From: Roland McGrath
Subject: Re: fdisk
Date: Sat, 11 Nov 2000 21:13:11 -0500 (EST)

> If one repartitions a drive, the partitions may have been resized or new
> partitions may have been created.  How does this information propagate to
> the kernel devices associated with the partitions and how are devices
> for new partitions created?

Like I said, the kernel doesn't give you a way to do this anew after boot.
Either one needs to be added, or else we need to just do it at the Hurd
level instead.

> You suggest telling the storeios to go away, however, how does one know
> which storeios are attached to the device?  

One doesn't.  Once some user of a storeio node (i.e. /dev/hd0s1 or
whatever) has done file_get_storage_info and instantiated his own store
using the underlying storage (this is what libstore will do), there is
nothing linking that user back to the storeio node.  Perhaps what we want
to do is add some feature to file_get_storage_info like a port that dies
when the underlying storage info is changing.  Alternatively, we could just
keep track via the open file ports that someone is using the underlying
storage info and give EBUSY for attempts to reconfigure the store until
they are all gone.

> hd0 is a storeio translator.  

Please be precise; we have proven our ability to confuse each other with
vague terminology.  storeio is a program that acts as a translator.  hd0 is
the name of a Mach device; /dev/hd0 might be the name of a node on which
you have an instance of the storeio translator.

> It could provide get and set methods for the partition table.

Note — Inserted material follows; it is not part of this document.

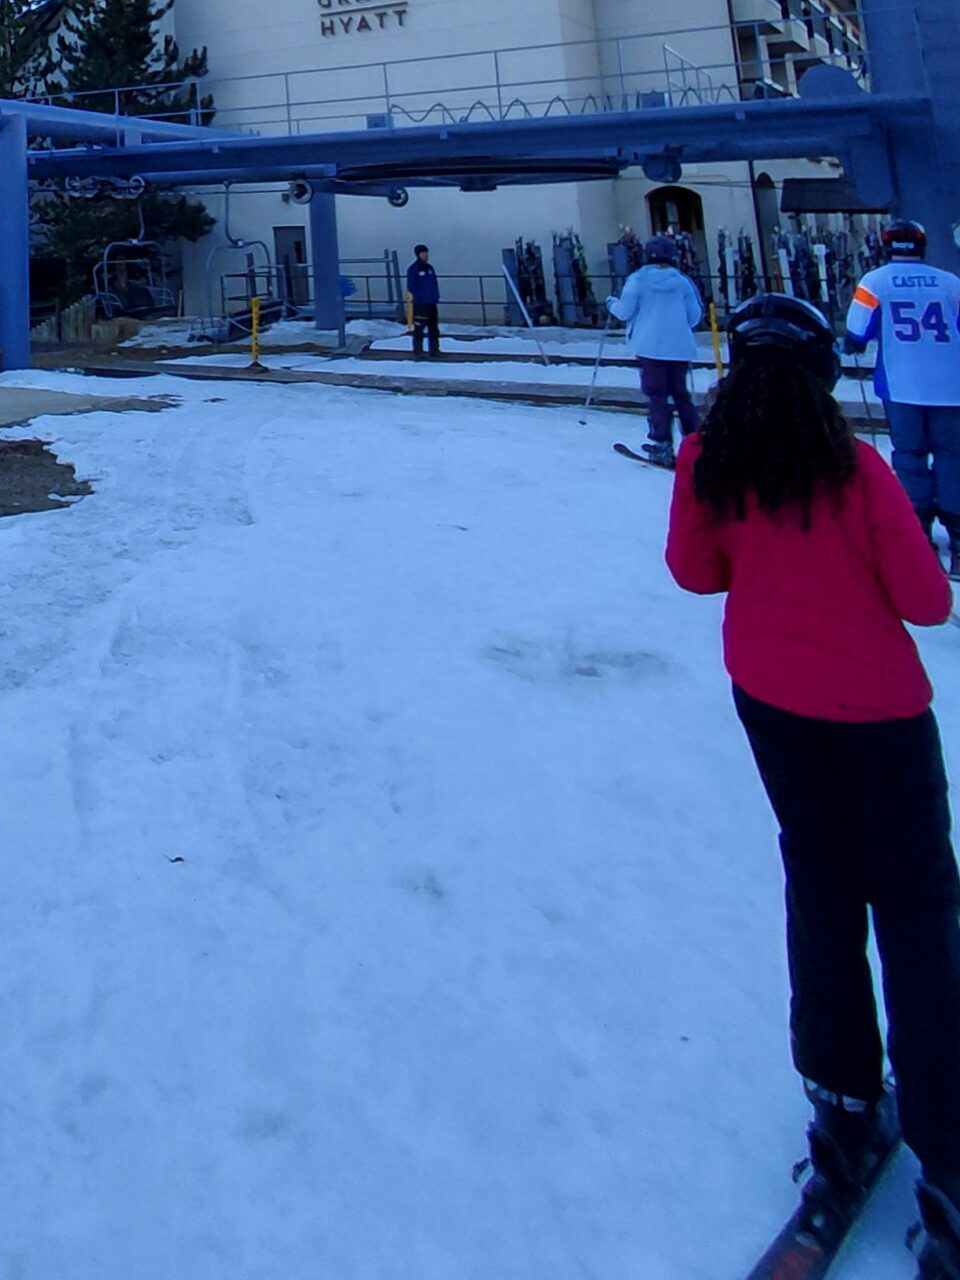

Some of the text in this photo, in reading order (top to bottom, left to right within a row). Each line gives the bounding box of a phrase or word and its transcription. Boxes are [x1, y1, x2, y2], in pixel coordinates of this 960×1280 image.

[320, 9, 407, 37] HYATT
[892, 275, 939, 288] CASTLE
[889, 301, 951, 343] 54

That doesn't make a lot of sense.  hd0 as a device or store is the whole
disk, in which the first sector just happens to contain some data that can
be interpreted as a partition table.

> > In the longer term, the proper thing is to have partition handling done
> > altogether at the Hurd level rather than the kernel level, and then
> > naturally it would be handled through libstore.  But rather than libstore
> > knowing anything about partitions, it makes more sense to have a translator
> > similar to storeio that understands partition table formats and uses the
> > existing remap store type to implement partitioning of an underlying store.
> 
> Could you go into a bit more detail on this proposal.

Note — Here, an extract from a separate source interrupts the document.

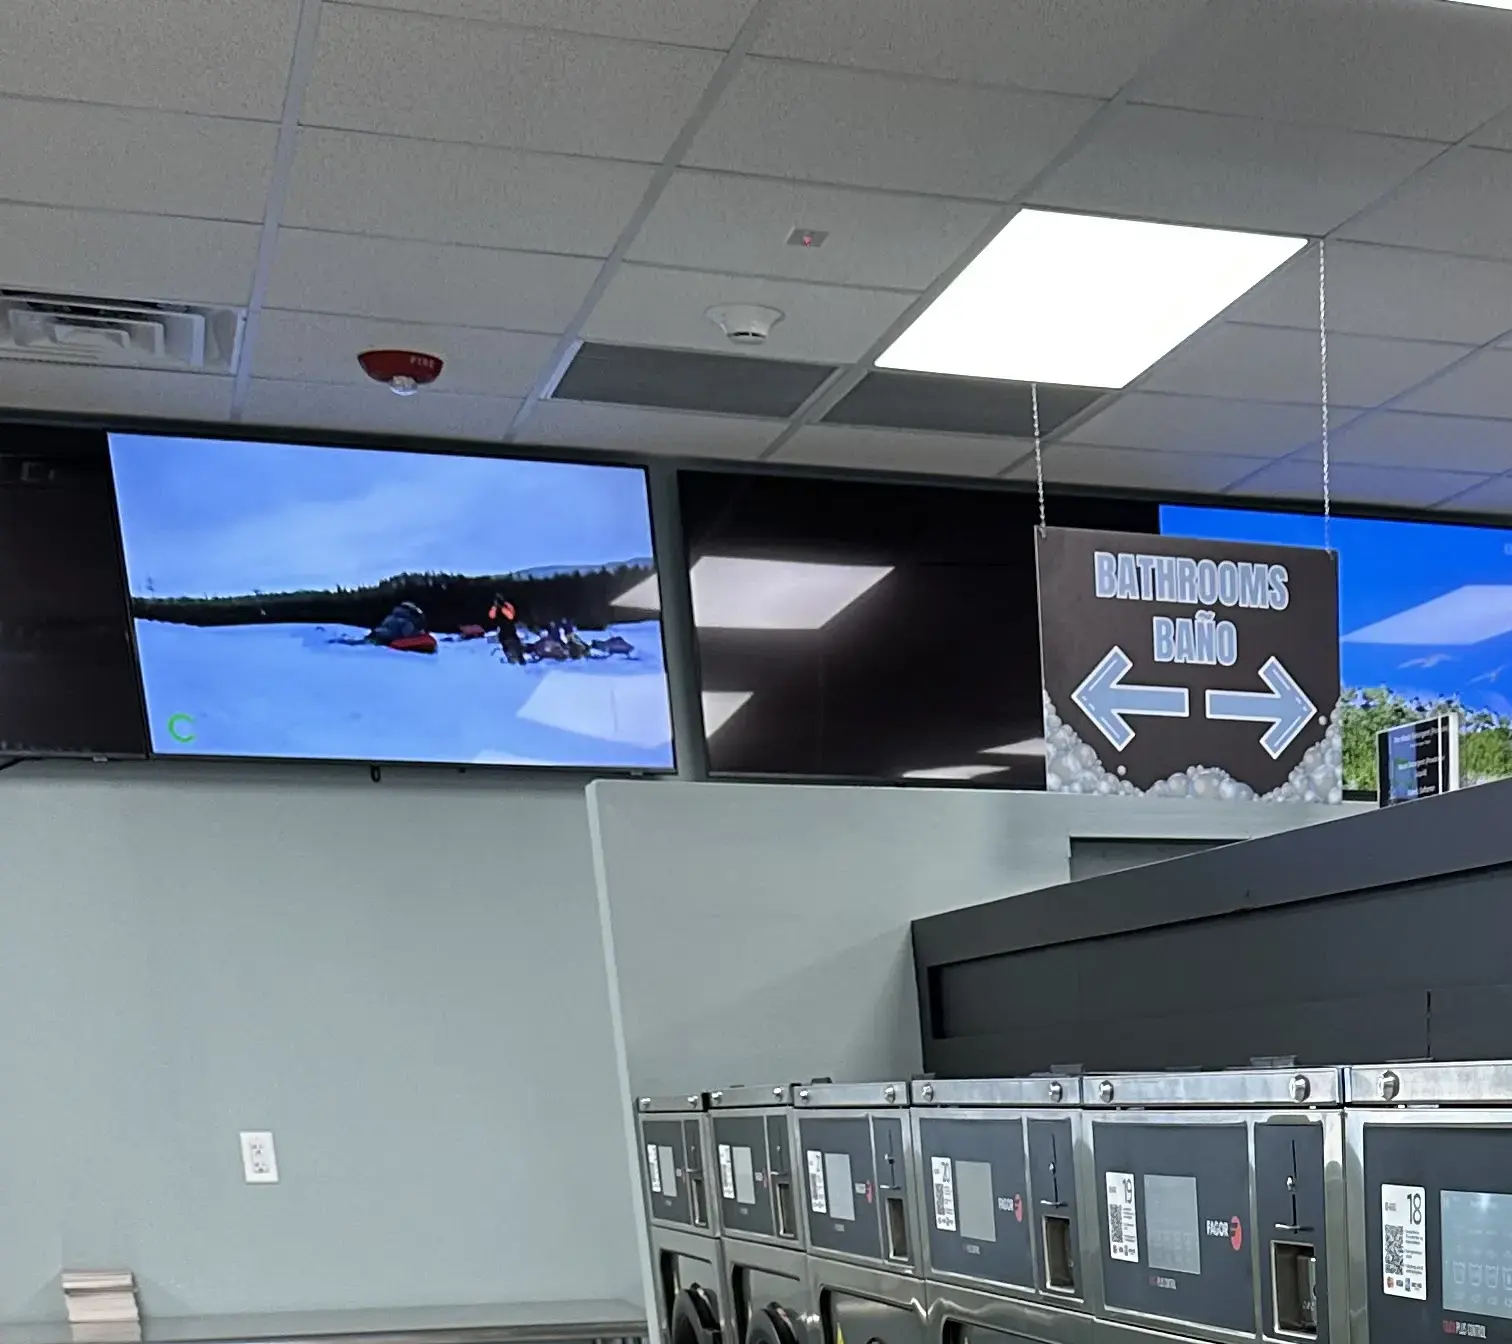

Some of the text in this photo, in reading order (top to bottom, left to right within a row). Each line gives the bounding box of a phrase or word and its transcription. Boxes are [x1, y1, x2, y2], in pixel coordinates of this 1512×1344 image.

[1093, 550, 1290, 611] BATHROOMS
[1153, 610, 1239, 667] BAÑO
[1205, 1219, 1230, 1238] FAGOR
[1406, 1193, 1422, 1225] 18

It ought to be pretty self-explanatory.  The simple approach is to have a
variant of storeio that takes a switch telling it what partition to select
within the device.  Then you would do
        settrans /dev/hd0s1 /hurd/storeio --partition=s1 hd0
or somesuch.  It would then open a device store on hd0 and from that create
a remap store for the subrange of the device that constitutes the
partition.  This differs from how we do things now only in moving the
partition handling from the kernel to the Hurd level, and is otherwise the
same.  Then we can consider at the Hurd level how we want to deal with
reconfiguring, etc.  

The higher-class approach would be to have a filesystem that provides a
virtual directory of partitions.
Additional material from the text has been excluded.